MALAYSIA, November 20, 2014 (Yahoo News):A decade-long battle for a Hindu temple in Kajang to obtain a piece of land has ended on a happy note through an out-of-court settlement. The Sri Maha Mariamman Ladang Baemar (Saujana Impian) temple was given 0.44 ha of land, about 300m from its current location by land owner Bandar Subang Sdn Bhd.Besides the land, the company also contributed US$178,000 to the temple for the relocation exercise as part of the settlement. The terms and condition of the settlement also stated that the company would provide another alternative site if the authorities were unable to gazette the current proposed plot as a place of worship for Hindus.
Temple committee legal adviser Alagendra Ramani said there was now certainty for 500 devotees who worshipped at the temple. "We are glad that the matter has come to an amicable solution without having to fight it in court," he told The Malaysian Insider. The committee and the company have spent nearly 10 years negotiating on an alternative site to locate the temple, which is believed to have been established 100 years ago. In April this year, the company ordered the temple management committee to surrender the land. Met with their refusal, the company went to court.

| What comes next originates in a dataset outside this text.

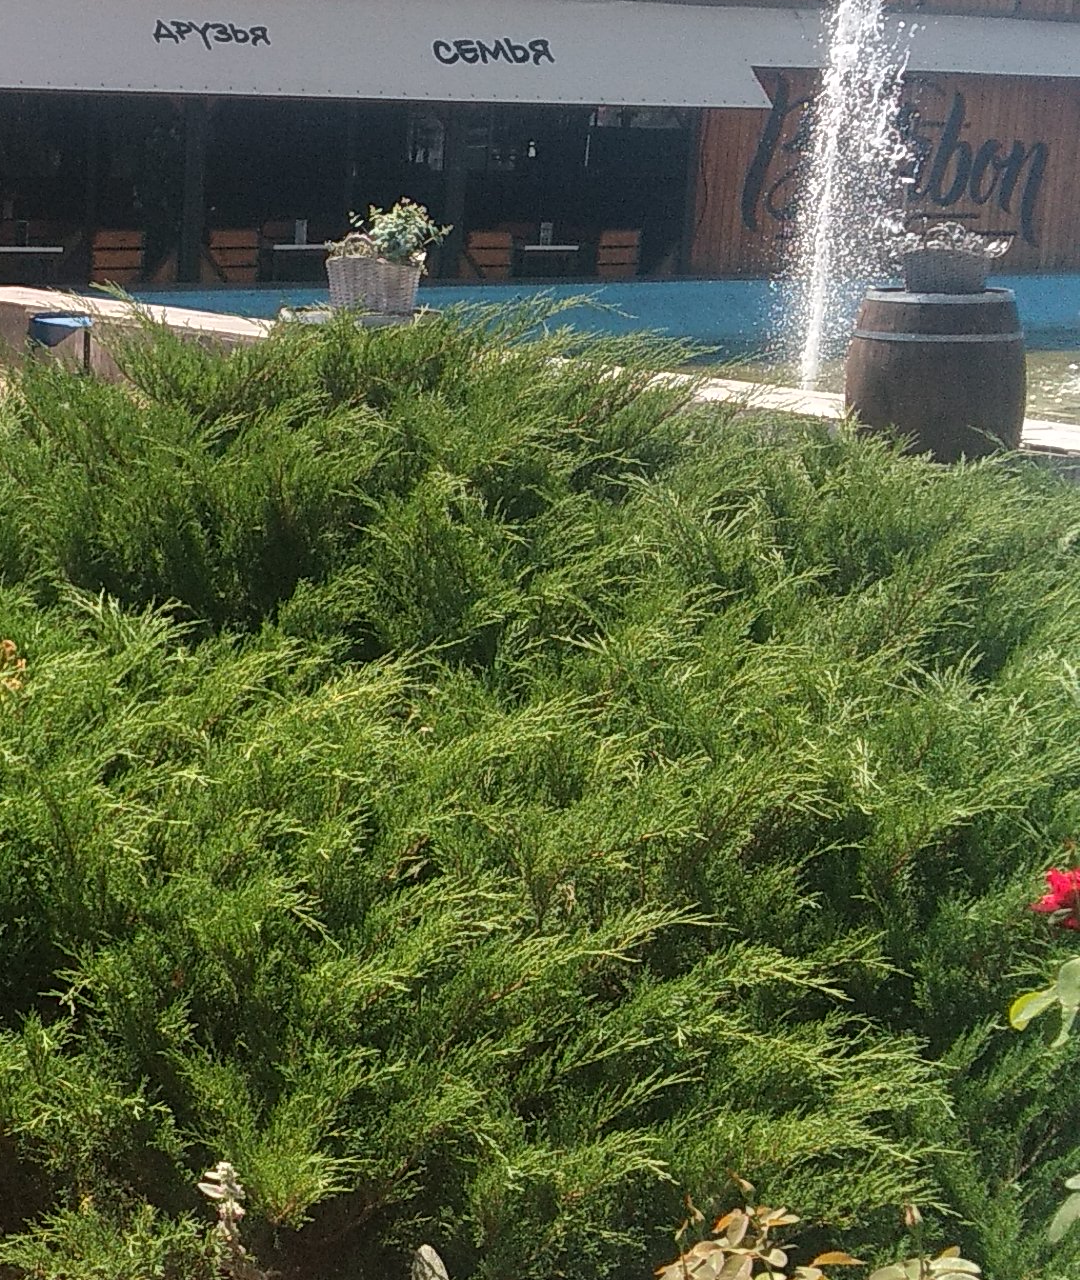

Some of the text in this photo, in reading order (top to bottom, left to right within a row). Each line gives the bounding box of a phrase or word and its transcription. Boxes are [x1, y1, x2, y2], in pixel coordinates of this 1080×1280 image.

[153, 19, 272, 50] ДРУЗЬЯ
[431, 36, 556, 63] СЕМЬЯ
[741, 70, 1049, 247] Brbon

Today, the consent judgment was recorded before judicial commissioner Choo Kah Sing in the Shah Alam High Court.
NADI, FIJI, November 28, 2014 (Fiji Times): The lack of spiritual learning in schools prompted the Ramakrishna Mission to build a US$1 million universal meditation center in Nadi as part of its long-established center there. The centre was inaugurated by leaders of the Hindu, Christian, and Muslim faiths yesterday and will serve as a meditation spot for people of all faiths.

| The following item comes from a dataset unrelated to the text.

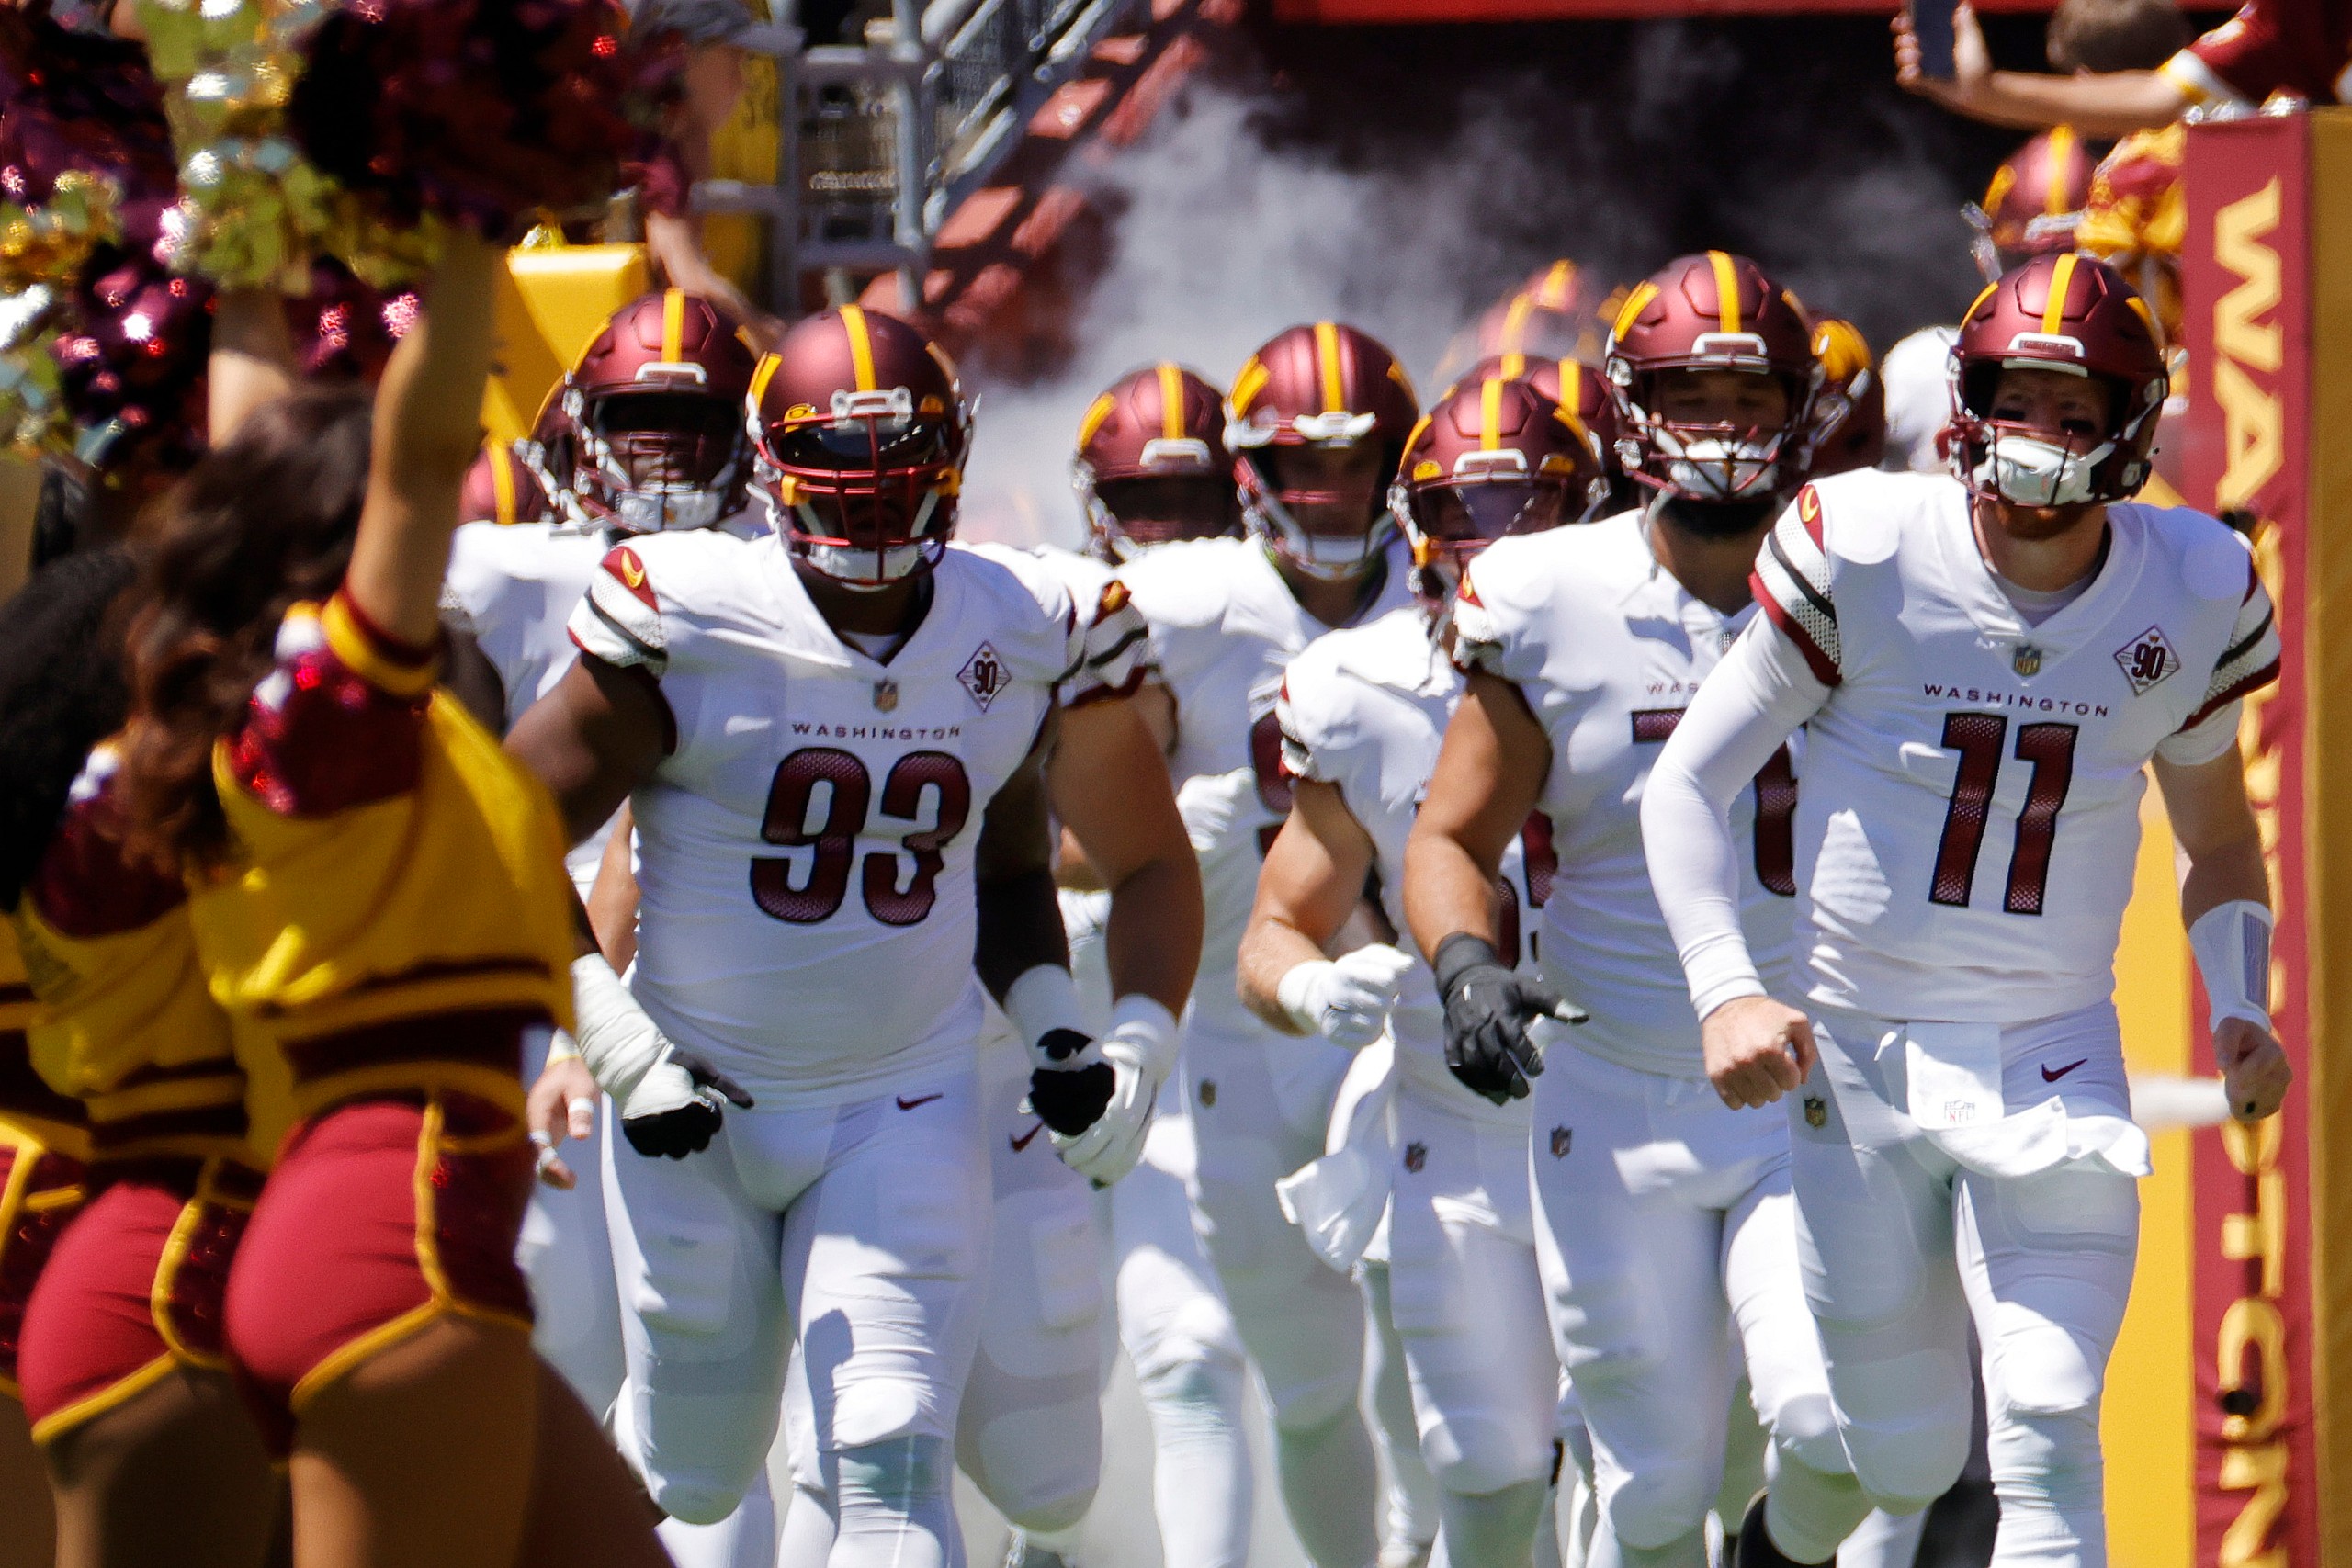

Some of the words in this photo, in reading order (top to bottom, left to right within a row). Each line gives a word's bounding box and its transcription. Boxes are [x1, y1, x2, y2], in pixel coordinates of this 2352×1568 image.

Ramakrishna Mission secretary Swami Tadananda Maharaj said the planning started in 2010 and the building was designed by 2011. "Construction started in August 2012 and it has taken about two years and three months to complete the project."
Mr. Maharaj said 95 per cent of high schools in Fiji were run by NGOs who looked after the building and maintenance of schools. "However, the NGOs are not having that impact that we want to contribute to the education," he said.
-- Chinese proverb
The way to freedom is a way of silence--of silent resolve and silent service.

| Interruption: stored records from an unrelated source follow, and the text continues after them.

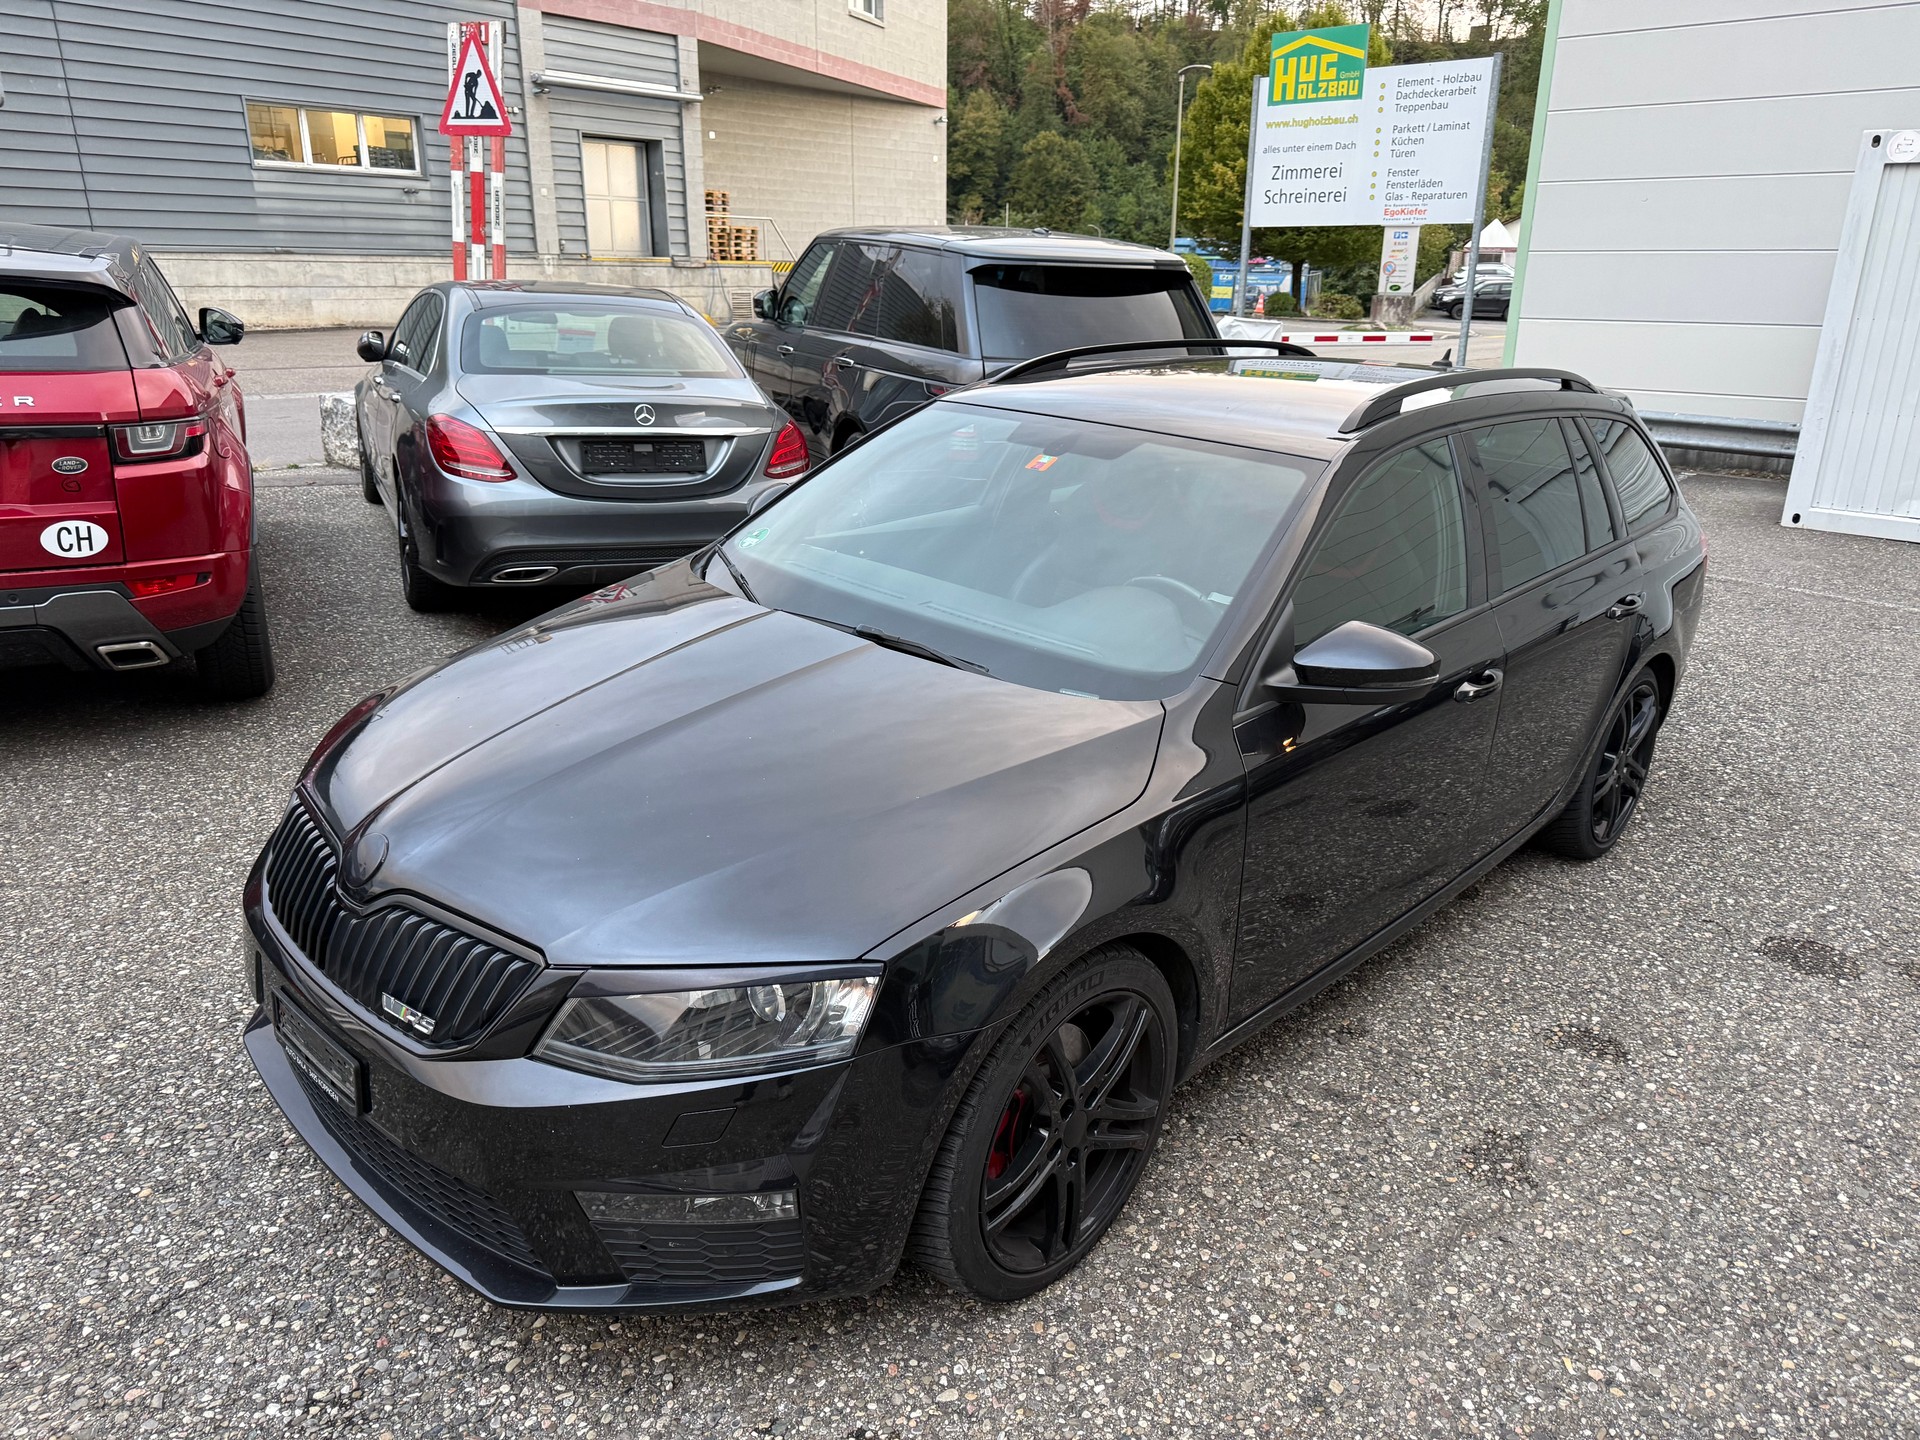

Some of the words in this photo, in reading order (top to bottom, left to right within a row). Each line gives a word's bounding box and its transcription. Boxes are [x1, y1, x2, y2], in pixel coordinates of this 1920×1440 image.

[1273, 53, 1338, 102] HUG
[1340, 71, 1360, 79] GmbH
[1397, 77, 1434, 88] Element
[1443, 73, 1482, 84] Holzbau
[1395, 85, 1477, 100] Dachdeckerarbeit
[1395, 101, 1449, 113] Treppenbau
[1265, 114, 1359, 129] www.hugholzbau.ch
[1392, 124, 1425, 134] Parkett
[1432, 121, 1471, 132] Laminat
[1262, 145, 1281, 154] alles
[1282, 145, 1305, 153] unter
[1306, 143, 1333, 152] einem
[1335, 141, 1357, 150] Dach
[1391, 136, 1424, 146] Küchen
[1390, 149, 1416, 158] Türen
[1271, 162, 1343, 180] Zimmerei
[1387, 168, 1420, 177] Fenster
[1386, 179, 1443, 189] Fensterläden
[1264, 187, 1347, 204] Schreinerei
[1385, 192, 1404, 201] Glas
[1411, 191, 1468, 202] Reparaturen
[1384, 208, 1428, 217] EgoKiefer
[56, 526, 94, 552] CH
[1030, 970, 1104, 1042] MICHELIN

-- Sadhu Vaswani, (1879-1966) founder the Sadhu Vaswani Mission
WASHINGTON, D.C., November 24, 2014 (Press Release): In a landmark moment for the Hindu American community, the Texas State Board of Education voted late last week to adopt new textbooks that dramatically improve the way Hinduism is depicted. The Hindu American Foundation (HAF) was involved in the adoption process from the beginning, working with scholars and historians to ensure a constructive and accurate understanding of Hinduism. As a result of the changes made by publishers in response to HAF's reviews, the textbooks now present a picture of Hinduism that emphasizes the religion's core philosophies with accurate explanations of key concepts.
"This is a game-changing moment for our community," said Houston-based HAF Board Member Rishi Bhutada. "This is the first time that this type of textbook reform has ever been accomplished on a statewide level anywhere in the US, and to do it in Texas, one of the two biggest textbook markets in the country, is amazing." Educators, several publishers, and other advocacy groups worked closely with HAF to make sure the representations of Hinduism were not steeped in the archaic and inaccurate "caste, cows, and karma" approach that has dominated textbook content for years. "This is transformational for the Hindu American community," Dr. Balaji said.
The textbook vote is final, and the textbook changes will reflect in materials next year. The Hindu American Foundation's evidence-based efforts in education reform have been acknowledged in Texas and across the country, including prominent social studies and history organizations such as the National Council for Social Studies.
TOBAGO, November 26, 2014 (Newsday): HPI Note: Tobago is the latter part of Trinidad and Tobago. It is 120 square miles, 6% of the country's total land area and holds 4% of its population. We can't find a statistic for how many Hindus live there, but the entire country has a population of 1,328,019 of which 18.2% are Hindus, or 241,699, of which 4%, in theory, live in Tobago or nearly 10,000--but that is just a guess.
The Tobago Hindu Society (THS) received a deed for four lots of land in Signal Hill from Tobago House of Assembly (THA) Chief Secretary Orville London on Tuesday. In a statement, the THA said this land, located opposite the Scarborough General Hospital, will be used for the construction of a Hindu temple. Previously, members of the THS had been worshipping at a private home.
"It is the first step in securing a Hindu mandir in Tobago. It is the first that is going to be built here and we hope it will benefit all the people of Trinidad and Tobago," said Deosaran Sinanan, THS public relations officer.